I have 460 amino acid sequences for a specific protein family X. I want to make a HMM model for those sequences. I will use that HMM to search homologs of X / neighbour of X in some bacterial genomes. How can I make a HMM model ? Is there any software available? What is the step to do that?
The HMMER software (which is well documented) can be used to produce HMMs from alignments.
As for searching DNA with protein HMMs:
nhmmer can be used to build nHMMs from nucleotide alignments. They can be used to query DNA.
hmmer can be used to build HMMs from amino acid alignments. They can be used to query proteins.
The current HMMER manual (2015, version 3.1) states:
"Still missing: Translated comparisons. We’d of course love to have the HMM equivalents of BLASTX, TBLASTN, and
TBLASTX. They’ll come."
(Of course, you could always translate your genome in all frames , chop it up, and then screen it using protein HMMs. It is a bit ugly, you might run into some frameshift trouble, but maybe it works?)
To give a bit more details, to build a HMM for a set of proteins, the steps are:
- build a multiple sequence alignment with e.g. Clustal
- run hmmbuild (from the HMMER package) with the multiple sequence alignment as input
Thanks. From their manual I came to know, I need to give .sto file as input to get a .hmm file. Does Clustal give .sto file as output? Or I have to use different software to convert my file after clustal?

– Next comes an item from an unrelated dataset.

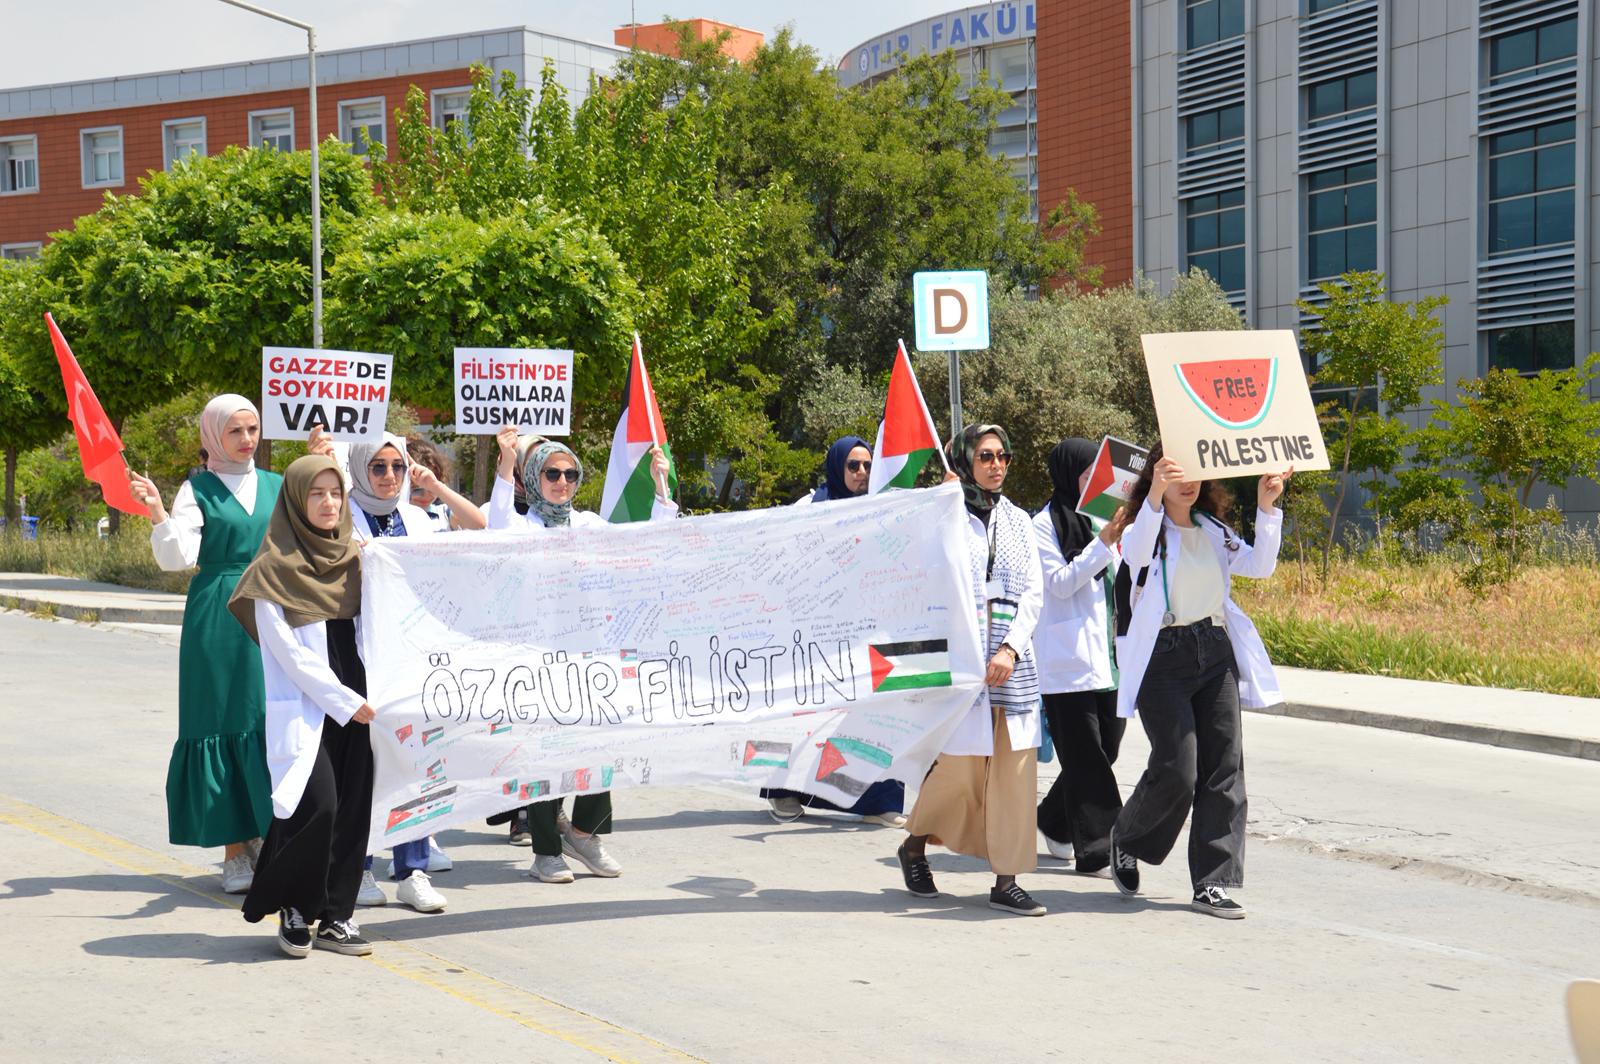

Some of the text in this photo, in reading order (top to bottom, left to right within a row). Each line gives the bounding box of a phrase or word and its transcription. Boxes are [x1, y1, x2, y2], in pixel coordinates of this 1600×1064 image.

To give a bit more details, to build a HMM for a set of proteins, the steps are:
- build a multiple sequence alignment with e.g. Clustal
- run hmmbuild (from the HMMER package) with the multiple sequence alignment as input
Thanks. From their manual I came to know, I need to give .sto file as input to get a .hmm file. Does Clustal give .sto file as output? Or I have to use different software to convert my file after clustal?
Cheers
As far as I remember, hmmbuild can read alignments in several formats. Just check the docs.